(Activity):
Repeat each entry exactly. Drop every image.

+ + + + +

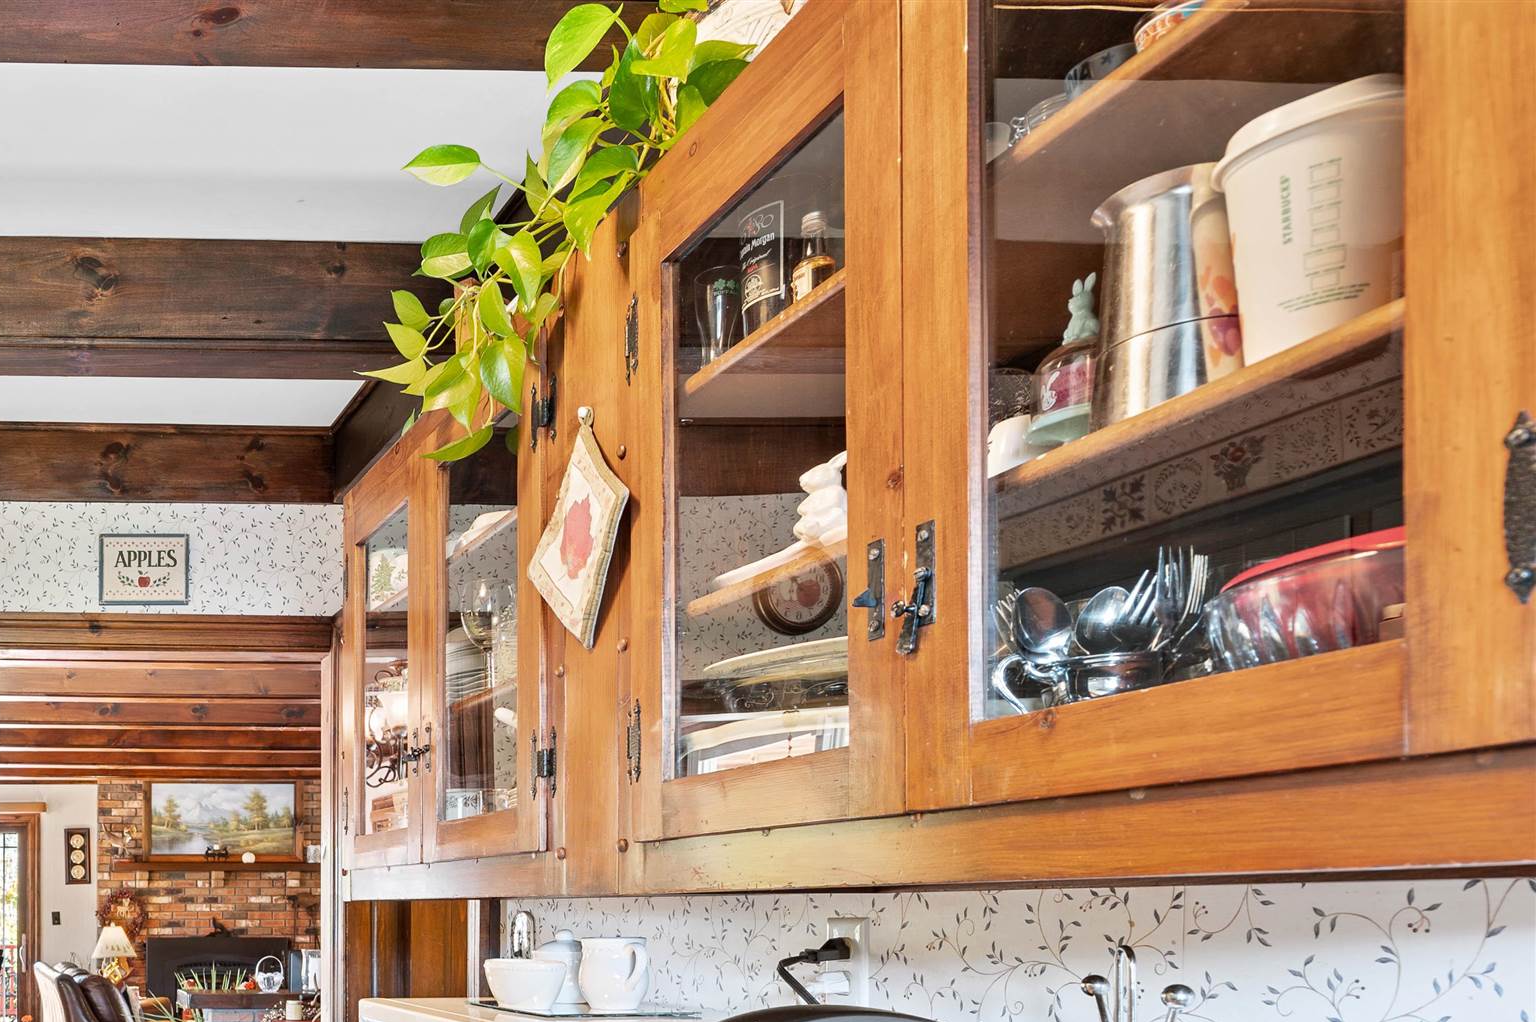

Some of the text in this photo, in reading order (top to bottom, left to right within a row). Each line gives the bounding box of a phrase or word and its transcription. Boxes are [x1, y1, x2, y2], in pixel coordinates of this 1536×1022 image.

[1279, 175, 1293, 246] STARBUCKS
[751, 232, 775, 250] Morgan
[114, 549, 178, 568] APPLES
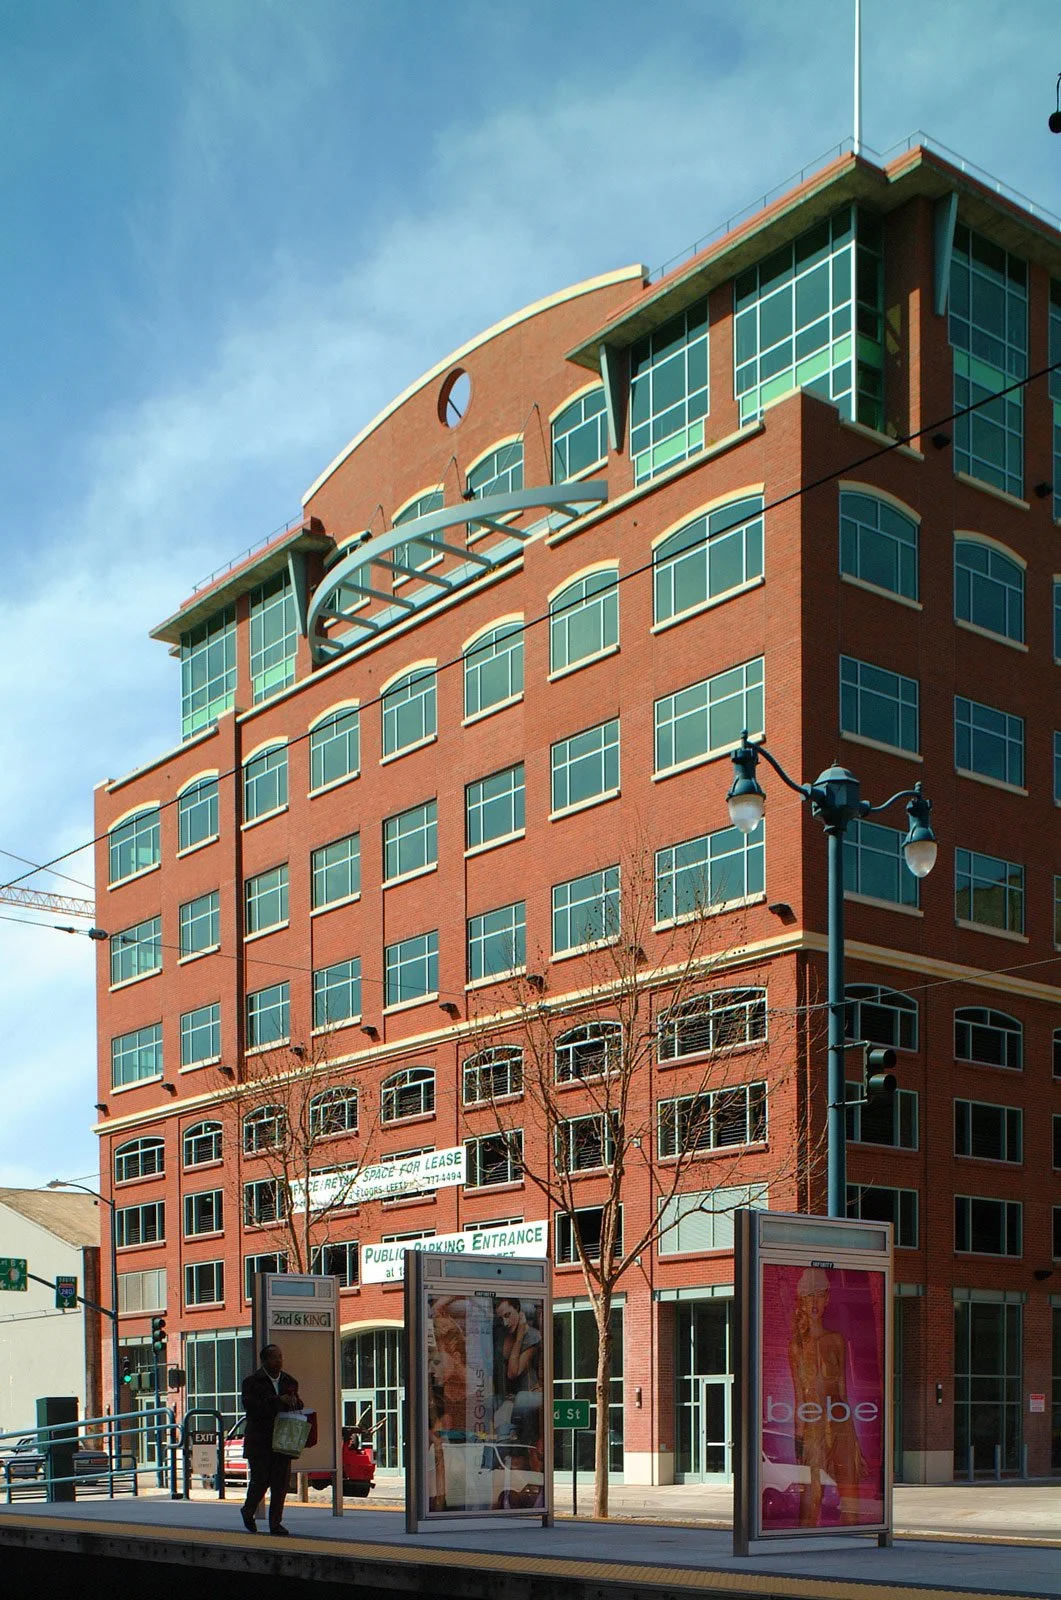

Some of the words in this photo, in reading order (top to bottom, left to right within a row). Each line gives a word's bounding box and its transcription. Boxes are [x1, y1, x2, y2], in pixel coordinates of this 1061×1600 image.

[363, 1165, 394, 1183] SPACE
[400, 1160, 420, 1176] FOR
[426, 1151, 462, 1170] LEASE
[365, 1247, 405, 1264] PUBLIC
[414, 1238, 465, 1253] PARKING
[472, 1227, 543, 1251] ENTRANCE
[273, 1313, 292, 1325] 2nd
[294, 1313, 301, 1326] &
[303, 1314, 327, 1326] KING
[566, 1408, 581, 1420] St
[767, 1395, 879, 1423] bebe
[195, 1433, 215, 1442] EXIT
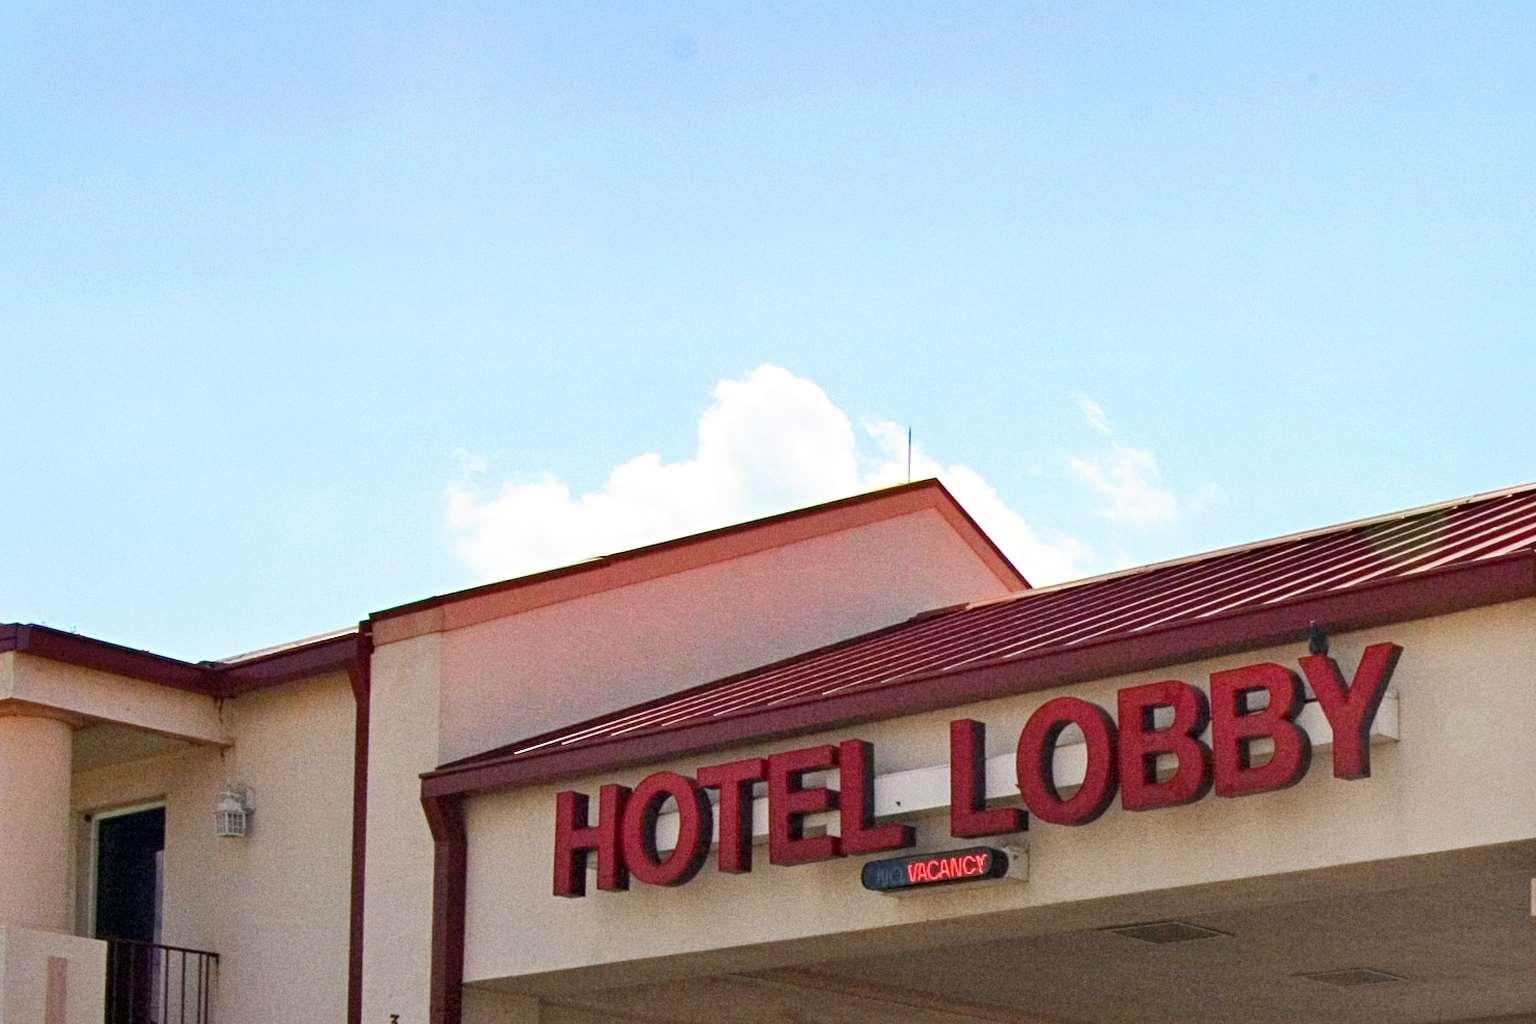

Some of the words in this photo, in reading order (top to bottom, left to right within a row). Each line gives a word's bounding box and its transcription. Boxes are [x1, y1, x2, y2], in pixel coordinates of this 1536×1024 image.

[553, 739, 914, 897] HOTEL
[950, 641, 1403, 838] LOBBY
[907, 853, 988, 882] VACANCY

+ + + + +

(Output for this exercise):
Some of the text in this photo, in reading order (top to bottom, left to right within a row). Each line gives the bounding box of a phrase or word and its transcription. Boxes are [x1, y1, x2, y2], in pixel coordinates of this 1536×1022 image.

[1279, 175, 1293, 246] STARBUCKS
[751, 232, 775, 250] Morgan
[114, 549, 178, 568] APPLES

Some of the words in this photo, in reading order (top to bottom, left to right within a row). Each line gives a word's bounding box and its transcription. Boxes are [x1, y1, x2, y2], in pixel coordinates of this 1061×1600 image.

[363, 1165, 394, 1183] SPACE
[400, 1160, 420, 1176] FOR
[426, 1151, 462, 1170] LEASE
[365, 1247, 405, 1264] PUBLIC
[414, 1238, 465, 1253] PARKING
[472, 1227, 543, 1251] ENTRANCE
[273, 1313, 292, 1325] 2nd
[294, 1313, 301, 1326] &
[303, 1314, 327, 1326] KING
[566, 1408, 581, 1420] St
[767, 1395, 879, 1423] bebe
[195, 1433, 215, 1442] EXIT

Some of the words in this photo, in reading order (top to bottom, left to right within a row). Each line gives a word's bounding box and its transcription. Boxes are [x1, y1, x2, y2], in pixel coordinates of this 1536×1024 image.

[553, 739, 914, 897] HOTEL
[950, 641, 1403, 838] LOBBY
[907, 853, 988, 882] VACANCY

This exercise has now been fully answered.